Anyway, while macros may be the best feature you LyX aren’t using, I recently discovered another couple excellent ones I wasn’t familiar with after years of use so I thought I’d publicize. Specifically, I’ve always hated the process of including explanatory figures into LyX. Exporting plots from an experiment is tricky to improve, but when trying to create explanatory graphs, I’ve always hated the process.
Before, I thought the options were.
1) Create the graph in an external program. This is fine, of course, but is quite inconvenient when you want to go back and revise it. The external program usually saves it in some other format, so you have to open the graphic in open it again, revise it, export it to .pdf (or whatever), then open the document in LyX, compile it. Then, when you don’t like the way it looks, you have to repeat the whole process. It works, but it’s not efficient, since you can’t edit the content in place. (Which is the whole point of using a WYSIWYG editor in the first place– remove the need for thinking about anything but content.)

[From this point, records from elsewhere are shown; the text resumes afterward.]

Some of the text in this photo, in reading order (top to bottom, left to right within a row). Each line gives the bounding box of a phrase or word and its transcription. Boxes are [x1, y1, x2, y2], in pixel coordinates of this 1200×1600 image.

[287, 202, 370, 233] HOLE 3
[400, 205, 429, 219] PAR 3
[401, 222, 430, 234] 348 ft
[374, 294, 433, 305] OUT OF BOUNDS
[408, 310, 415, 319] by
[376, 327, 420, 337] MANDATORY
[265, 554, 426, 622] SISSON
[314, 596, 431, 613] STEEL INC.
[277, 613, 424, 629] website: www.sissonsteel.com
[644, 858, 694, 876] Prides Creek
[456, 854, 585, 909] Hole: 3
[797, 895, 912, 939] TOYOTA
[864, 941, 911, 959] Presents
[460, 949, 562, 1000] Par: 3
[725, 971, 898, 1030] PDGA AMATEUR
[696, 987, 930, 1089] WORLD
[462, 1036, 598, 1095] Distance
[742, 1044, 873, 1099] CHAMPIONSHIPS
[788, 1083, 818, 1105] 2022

2) Write the graphics directly in LyX in a language like TikZ. This is more “in-place” in that you don’t have external files to find and manipulate. However, I find TikZ to be quite painful to get right with many re-compilations necessary. If the TikZ document is in place each requires a full compilation of the document. This is hilariously slow when making something like Beamer slides. Further, this totally violates the whole point of WYSIWYG since you’re looking at code, rather than the output.
There are better ways! I’ve wasted countless hours not being aware of these.

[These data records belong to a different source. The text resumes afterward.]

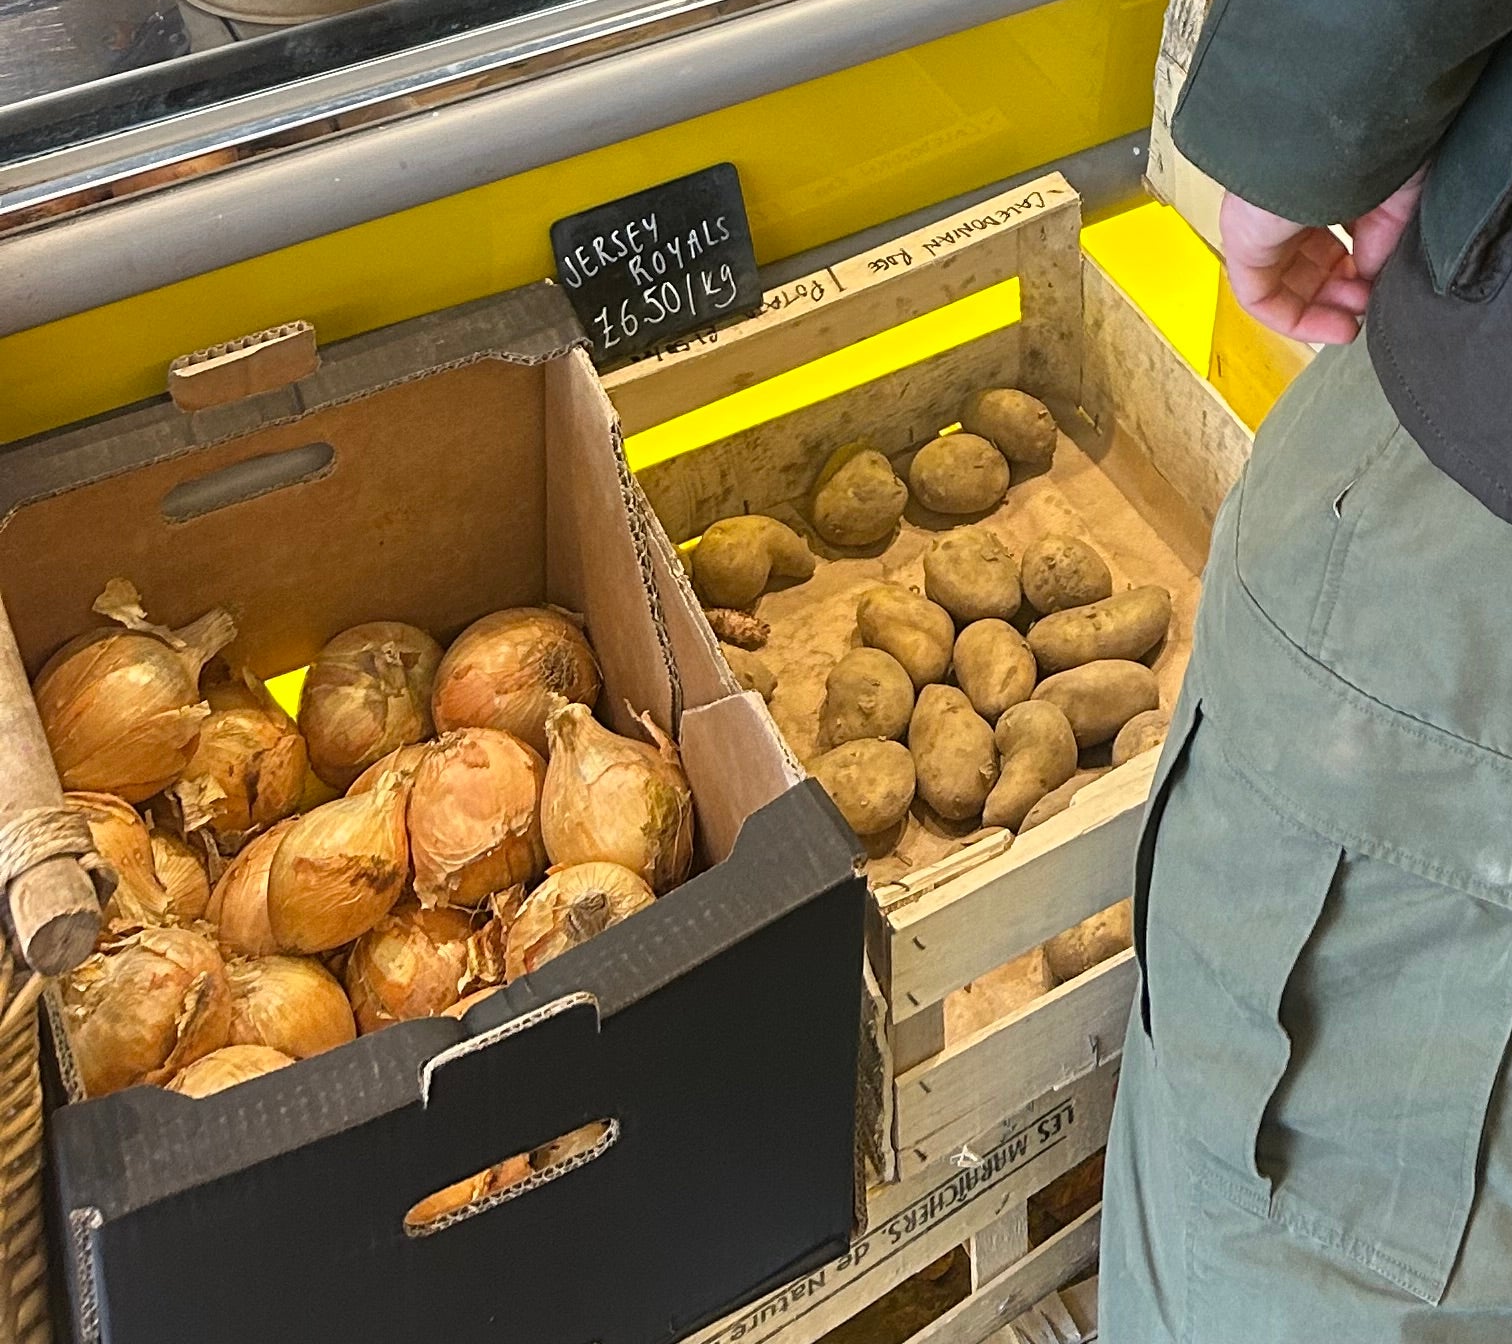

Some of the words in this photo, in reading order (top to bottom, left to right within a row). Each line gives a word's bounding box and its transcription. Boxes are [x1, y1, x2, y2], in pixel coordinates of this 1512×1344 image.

[564, 212, 659, 290] JERSEY
[629, 214, 731, 287] ROYALS
[921, 190, 1047, 255] CALEDONIAN
[1037, 1106, 1075, 1143] LES
[836, 1243, 871, 1272] de
[730, 1268, 826, 1338] Nature

First, LyX has a beautiful feature of “preview boxes”. Take the following very simple TikZ code, which just draws a square:
\draw[red] (0,0) -- (0,1);
\draw[green] (0,1) -- (1,1);
\draw[red] (1,1) -- (1,0);
\draw[blue] (1,0) -- (0,0);
Typically, I’d include this in LyX files by inserting a raw tex box:
And then putting the the TikZ code inside:
This is OK, but has the disadvantages from (2) above. The code can be huge, if I have a lot of graphics, I can’t tell what corresponds to what, and I have to do a (slooooooow) recompile of the whole document to see what it looks like.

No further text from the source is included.